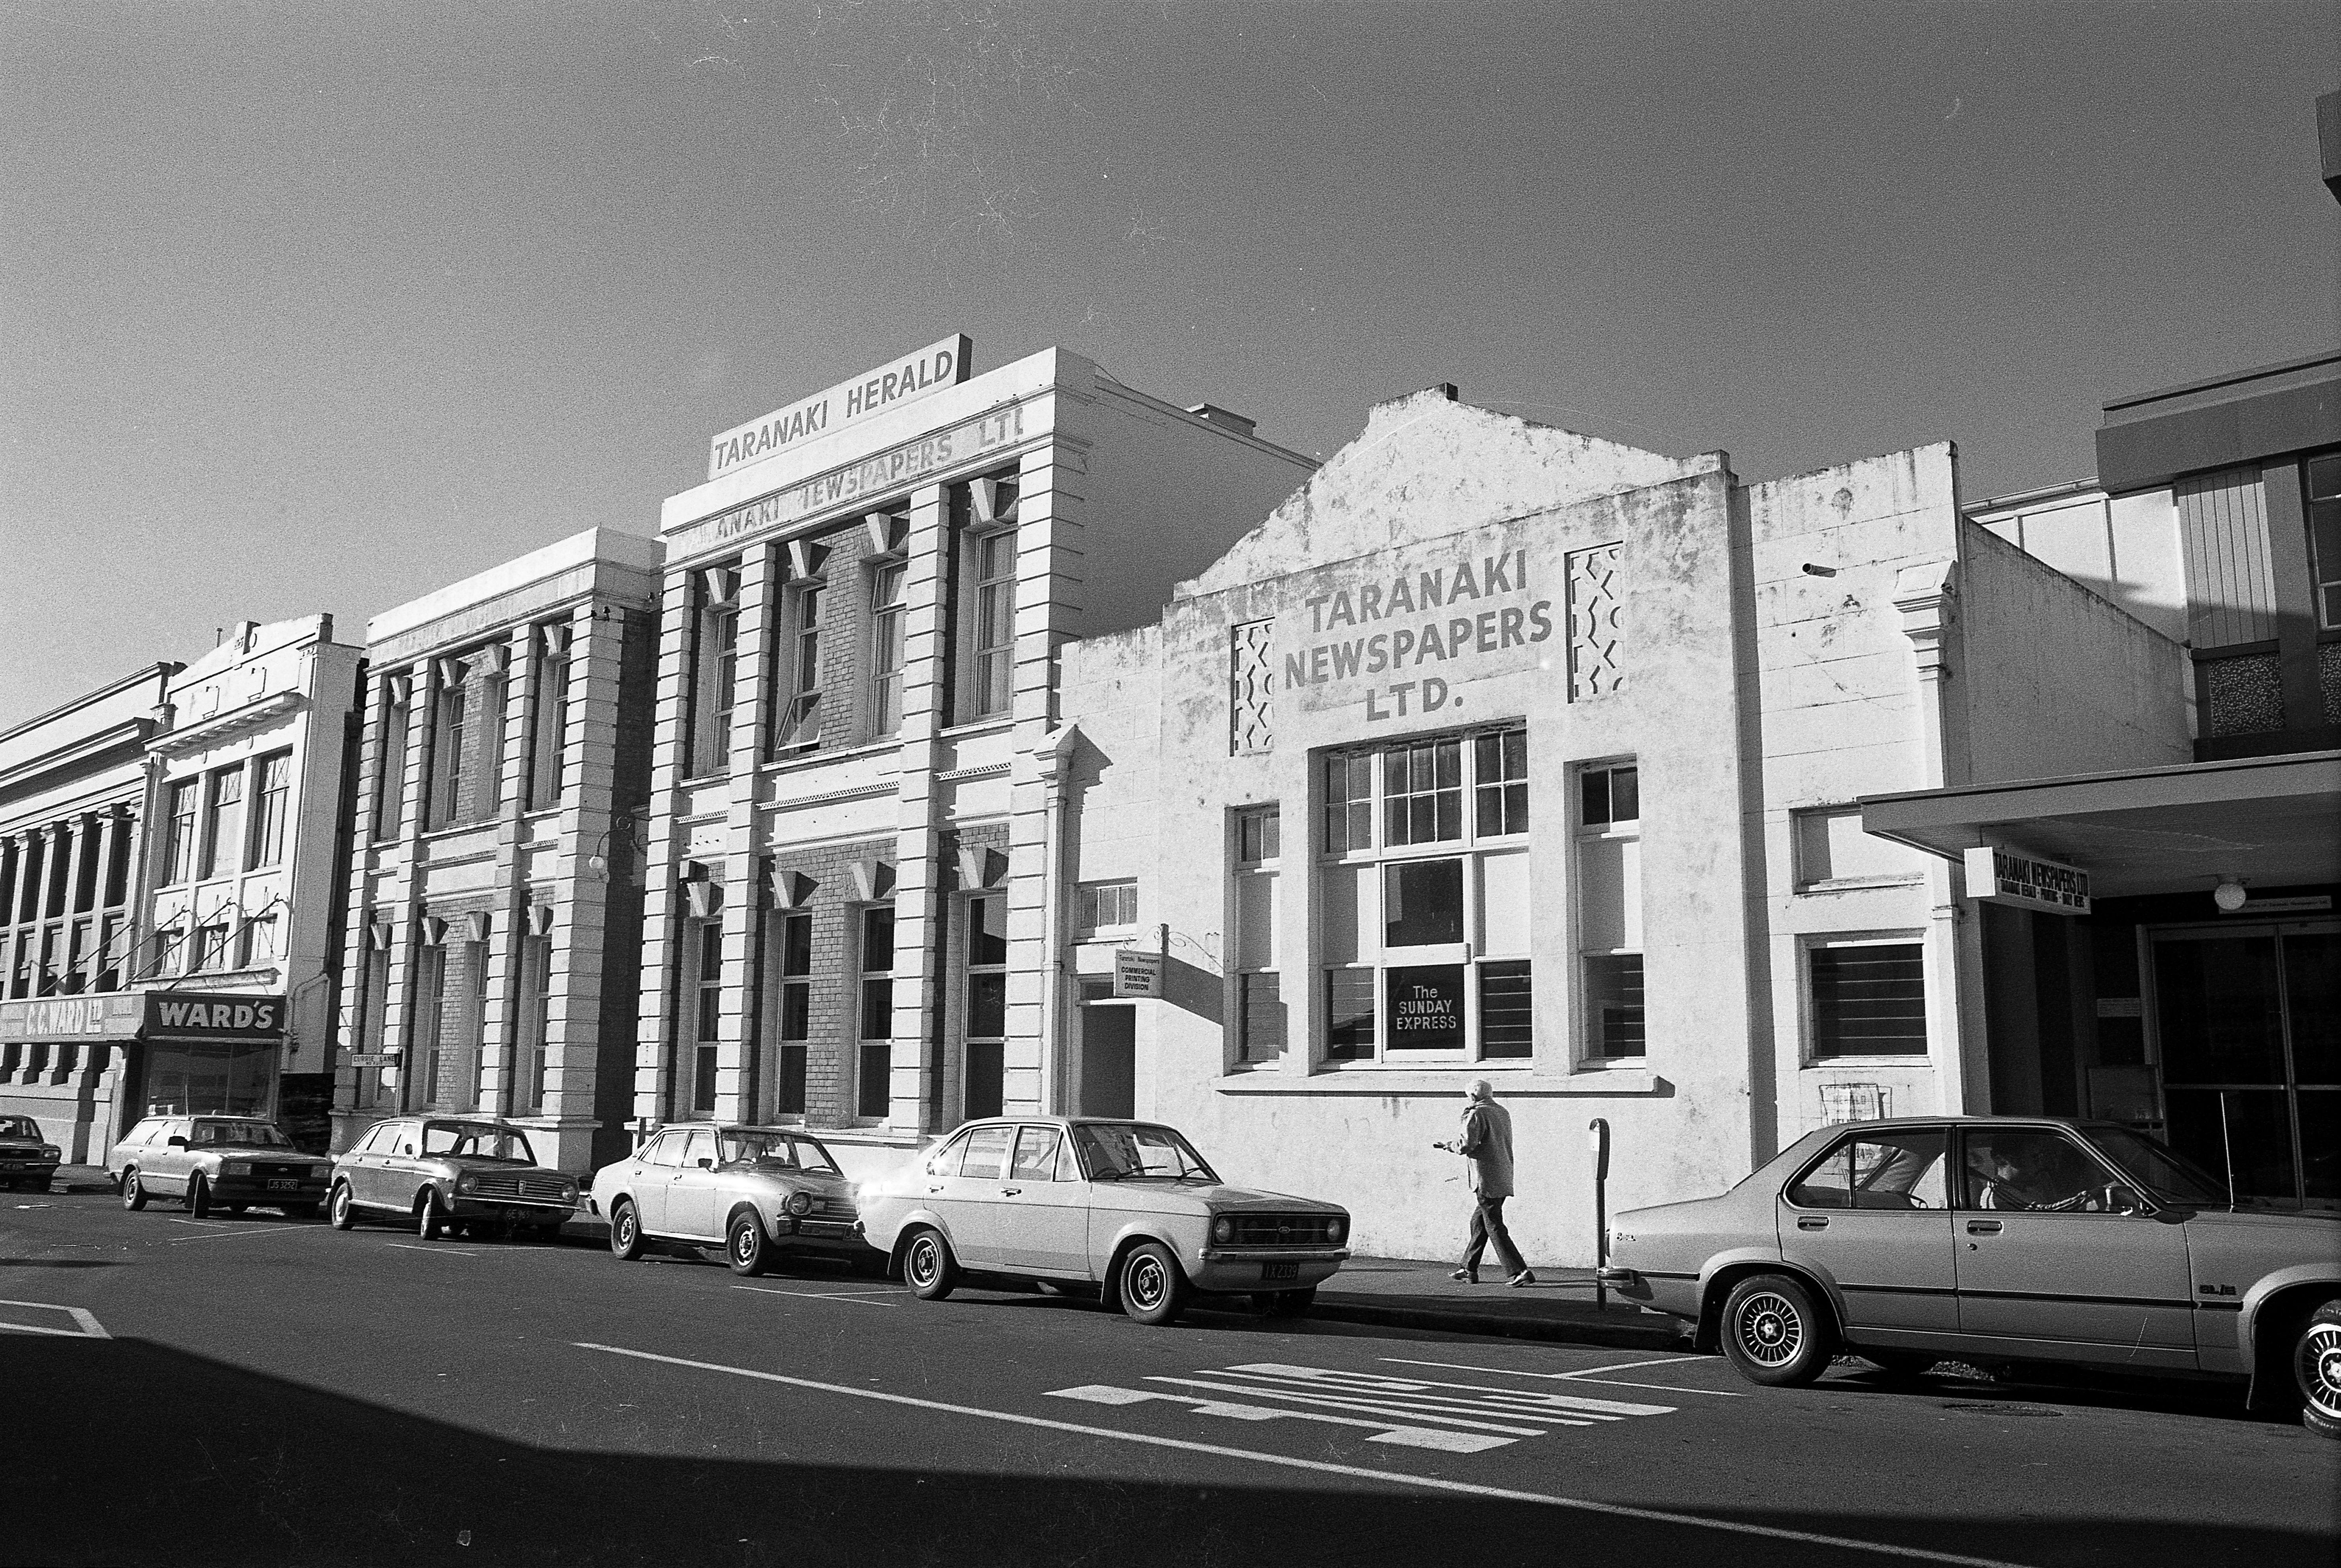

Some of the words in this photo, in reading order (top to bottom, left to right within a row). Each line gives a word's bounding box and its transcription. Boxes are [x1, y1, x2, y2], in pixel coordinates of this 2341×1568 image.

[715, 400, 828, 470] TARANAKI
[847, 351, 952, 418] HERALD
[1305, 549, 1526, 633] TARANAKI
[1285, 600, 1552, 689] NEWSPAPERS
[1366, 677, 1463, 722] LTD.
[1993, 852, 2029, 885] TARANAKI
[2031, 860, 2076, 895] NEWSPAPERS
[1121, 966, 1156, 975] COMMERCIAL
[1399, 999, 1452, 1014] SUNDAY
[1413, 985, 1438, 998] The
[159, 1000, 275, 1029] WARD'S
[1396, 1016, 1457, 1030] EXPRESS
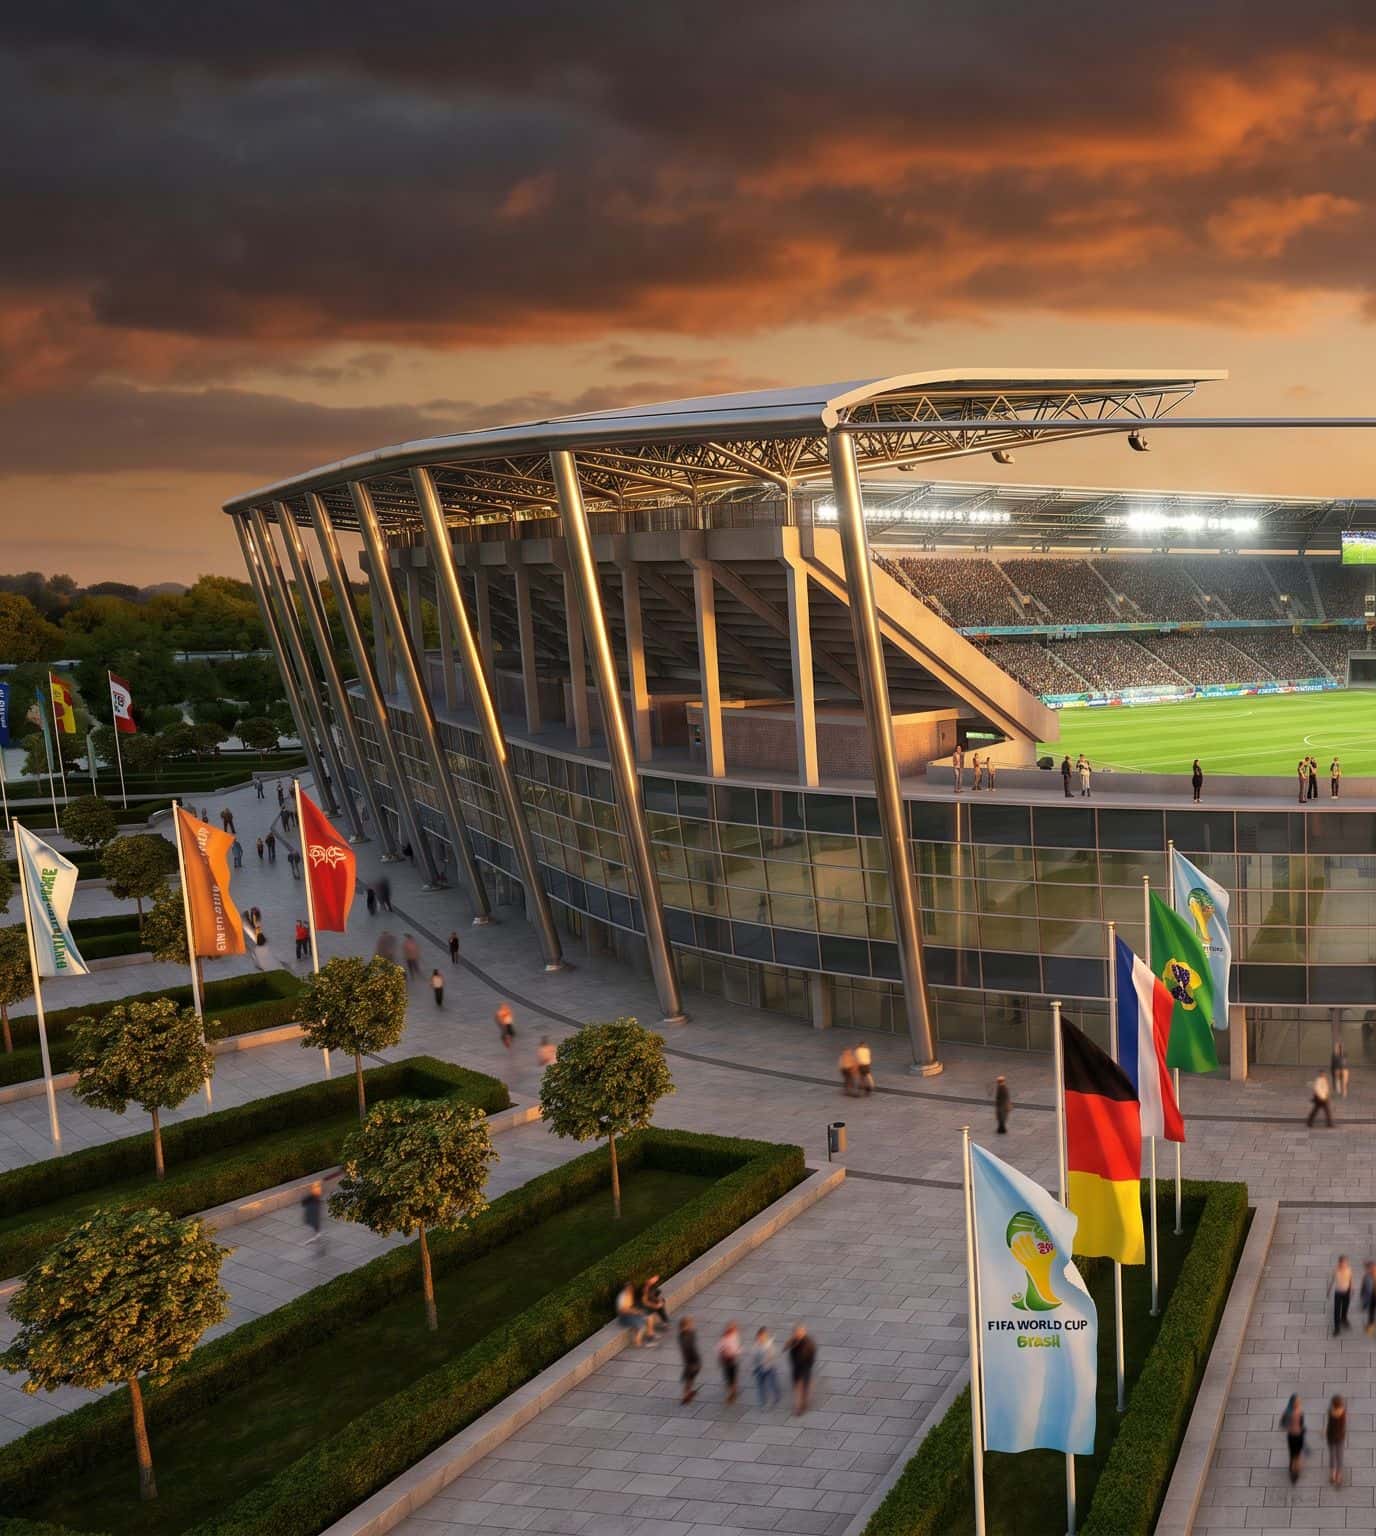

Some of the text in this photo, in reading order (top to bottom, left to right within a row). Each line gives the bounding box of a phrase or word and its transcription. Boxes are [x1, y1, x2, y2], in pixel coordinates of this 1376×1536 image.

###

> _Required action_: Return every entry word for word, but drop any pictures.

> _Response box_:
Some of the words in this photo, in reading order (top to bottom, left to right within a row). Each line gives a word's bounding box and its transcription. Boxes are [x1, y1, x2, y2], in pixel coordinates of this 2341×1568 image.

[715, 400, 828, 470] TARANAKI
[847, 351, 952, 418] HERALD
[1305, 549, 1526, 633] TARANAKI
[1285, 600, 1552, 689] NEWSPAPERS
[1366, 677, 1463, 722] LTD.
[1993, 852, 2029, 885] TARANAKI
[2031, 860, 2076, 895] NEWSPAPERS
[1121, 966, 1156, 975] COMMERCIAL
[1399, 999, 1452, 1014] SUNDAY
[1413, 985, 1438, 998] The
[159, 1000, 275, 1029] WARD'S
[1396, 1016, 1457, 1030] EXPRESS

Some of the text in this photo, in reading order (top to bottom, left to right within a row). Each line gives the bounding box of a phrase or word and its transcription. Boxes are [x1, y1, x2, y2], in pixel coordinates of this 1376×1536 image.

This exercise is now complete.